Confrontations between the police and protesters reached a violent climax here on Wednesday as armored riot officers beat back demonstrators and fired volleys of tear gas into the crowds who had gathered outside Parliament. Inside, lawmakers approved a package of austerity measures aimed at helping Greece avoid a default.
On the second day of a two-day general strike called by unions, rogue protesters also attacked the Finance Ministry on Syntagma Square across from Parliament and set fire to a post office in the ground floor of the building. The King George Palace, a luxury hotel that faces the square, was evacuated in the afternoon.
A police spokeswoman said that 31 police officers were injured and that 30 people had been detained, leading to 11 arrests. Local news media reported that dozens of protesters were hospitalized, and video clips showed the police striking people with their batons.

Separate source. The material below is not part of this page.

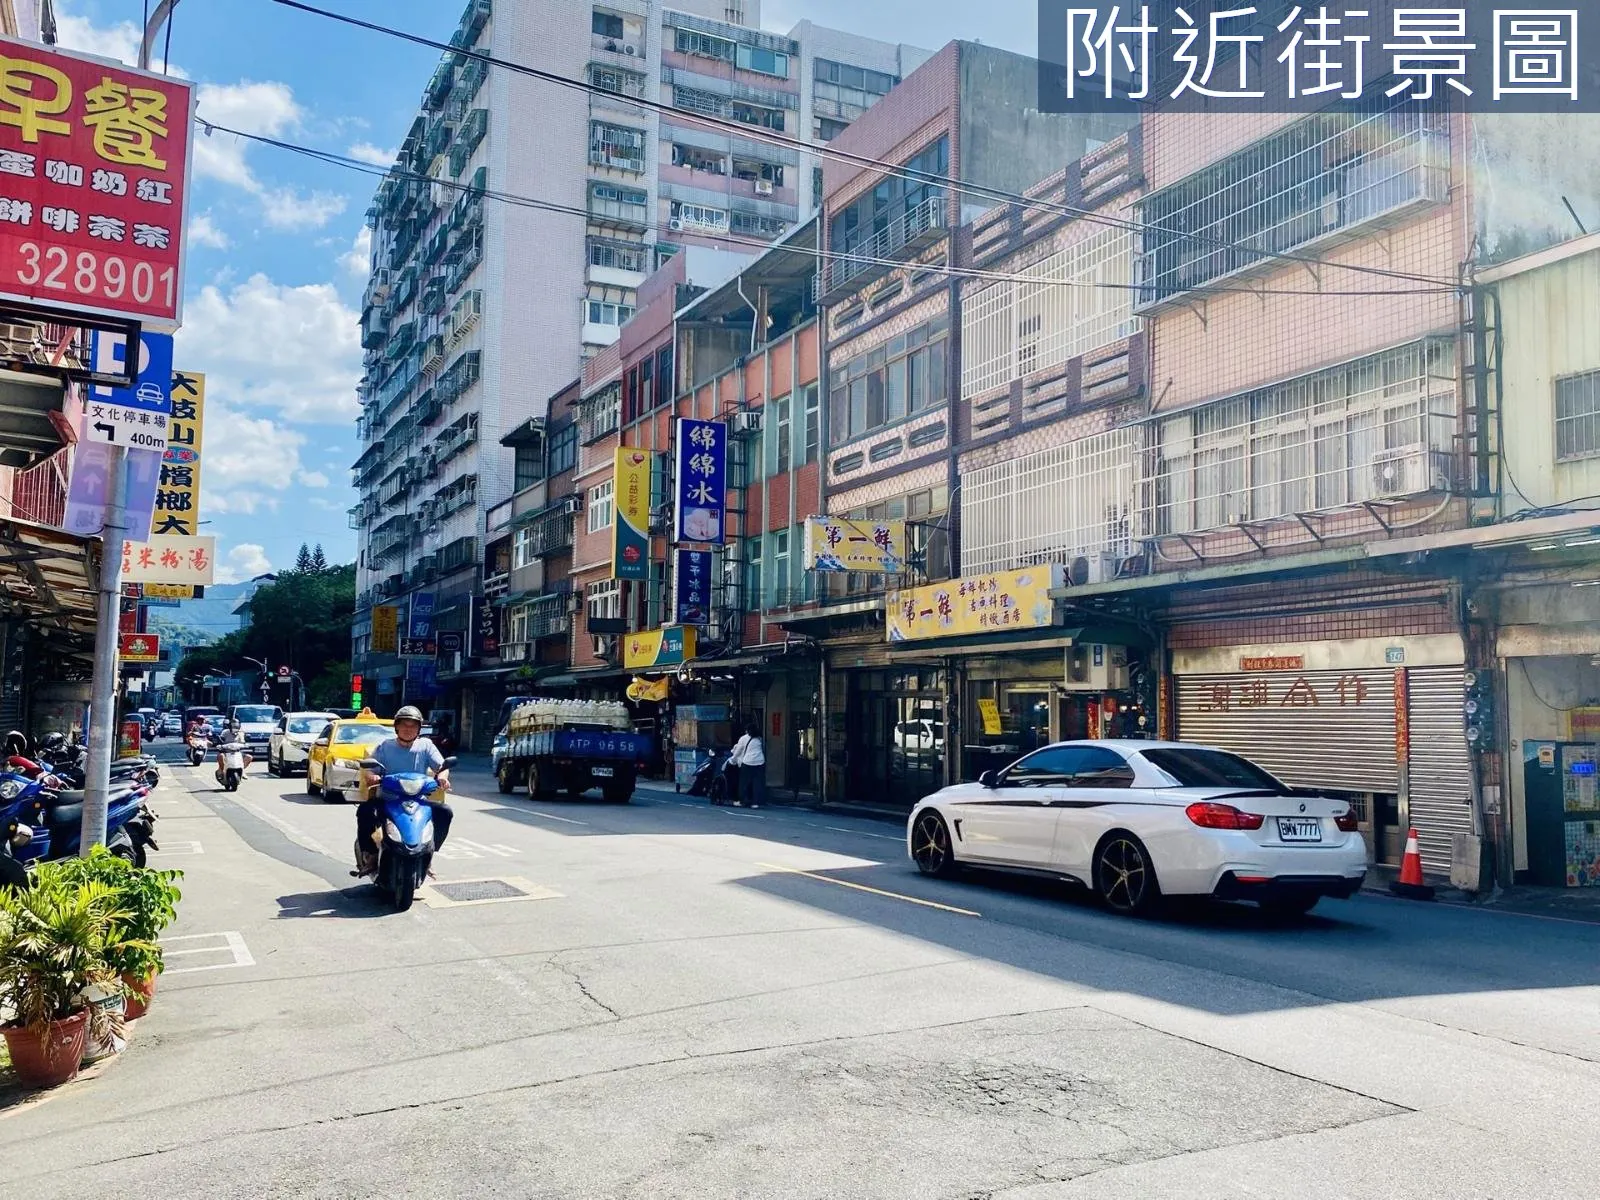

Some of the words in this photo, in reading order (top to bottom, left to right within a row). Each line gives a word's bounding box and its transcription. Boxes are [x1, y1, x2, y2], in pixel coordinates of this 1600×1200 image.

Amnesty International released a statement on Wednesday condemning the “repeated use of excessive force by police in recent demonstrations, including the disproportionate and indiscriminate use of tear gas and other chemicals against largely peaceful protesters.”
Is this what’s coming for the U.S.? At a press conference today President Obama warned Republicans to wake up and smell the tax increases (aside: I’m not holding my breath for Obama to follow through).

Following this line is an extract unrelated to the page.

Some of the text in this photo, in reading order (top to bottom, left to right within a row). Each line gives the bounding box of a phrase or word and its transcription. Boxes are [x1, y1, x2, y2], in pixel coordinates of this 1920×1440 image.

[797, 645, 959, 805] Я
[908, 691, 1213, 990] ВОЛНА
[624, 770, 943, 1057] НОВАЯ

President Obama pressured Republicans on Wednesday to accept higher taxes as part of any plan to pare down the federal deficit, bluntly telling lawmakers that they “need to do their job” and strike a deal before the United States risks defaulting on its debt.
Declaring that an agreement is not possible without painful steps on both sides, Mr. Obama said that his party had already accepted the need for substantial spending cuts in programs it had long championed, and that Republicans must agree to end tax breaks for oil and gas companies, hedge funds and other corporate interests.
In a 67-minute news conference, Mr. Obama cast the budget battle as a tug of war between the interests of the rich — like owners of corporate jets, who he said get generous tax breaks — and those of the middle class, the elderly and children.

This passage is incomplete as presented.